Material for this task START
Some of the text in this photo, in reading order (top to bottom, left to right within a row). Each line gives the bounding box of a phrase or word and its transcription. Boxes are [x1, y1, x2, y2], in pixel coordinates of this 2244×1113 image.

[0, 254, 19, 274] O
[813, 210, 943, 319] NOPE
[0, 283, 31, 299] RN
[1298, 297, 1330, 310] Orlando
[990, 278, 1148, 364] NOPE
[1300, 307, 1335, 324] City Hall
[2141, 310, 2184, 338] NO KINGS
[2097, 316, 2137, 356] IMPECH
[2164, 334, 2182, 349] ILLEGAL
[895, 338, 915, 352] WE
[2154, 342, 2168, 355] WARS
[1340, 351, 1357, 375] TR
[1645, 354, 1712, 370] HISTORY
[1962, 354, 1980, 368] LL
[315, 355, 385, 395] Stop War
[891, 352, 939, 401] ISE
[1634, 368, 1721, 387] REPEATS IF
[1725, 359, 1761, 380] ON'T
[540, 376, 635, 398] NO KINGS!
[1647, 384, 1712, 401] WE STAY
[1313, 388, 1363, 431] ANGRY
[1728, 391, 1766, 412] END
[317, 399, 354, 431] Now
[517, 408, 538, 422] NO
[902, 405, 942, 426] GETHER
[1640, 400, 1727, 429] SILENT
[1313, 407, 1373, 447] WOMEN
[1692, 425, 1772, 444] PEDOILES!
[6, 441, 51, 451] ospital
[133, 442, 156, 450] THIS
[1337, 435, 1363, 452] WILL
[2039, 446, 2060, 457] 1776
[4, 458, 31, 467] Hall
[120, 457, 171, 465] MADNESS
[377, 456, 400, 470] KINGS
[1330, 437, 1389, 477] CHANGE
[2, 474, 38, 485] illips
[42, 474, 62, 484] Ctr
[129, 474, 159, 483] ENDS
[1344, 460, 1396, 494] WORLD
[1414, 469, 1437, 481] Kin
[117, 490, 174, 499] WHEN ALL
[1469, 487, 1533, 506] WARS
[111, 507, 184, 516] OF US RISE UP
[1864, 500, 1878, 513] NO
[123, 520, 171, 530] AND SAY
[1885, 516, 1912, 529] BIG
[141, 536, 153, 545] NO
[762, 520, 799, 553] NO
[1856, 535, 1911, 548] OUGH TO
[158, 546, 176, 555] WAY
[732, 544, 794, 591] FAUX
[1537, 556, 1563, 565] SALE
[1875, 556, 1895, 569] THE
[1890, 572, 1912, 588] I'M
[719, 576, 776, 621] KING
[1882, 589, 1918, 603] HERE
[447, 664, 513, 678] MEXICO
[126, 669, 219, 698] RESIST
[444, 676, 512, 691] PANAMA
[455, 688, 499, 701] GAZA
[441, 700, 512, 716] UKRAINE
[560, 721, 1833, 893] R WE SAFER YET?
Material for this task END
What you will do:
Copy out each line of the entries above that holds "NOPE".

Response box:
[813, 210, 943, 319] NOPE
[990, 278, 1148, 364] NOPE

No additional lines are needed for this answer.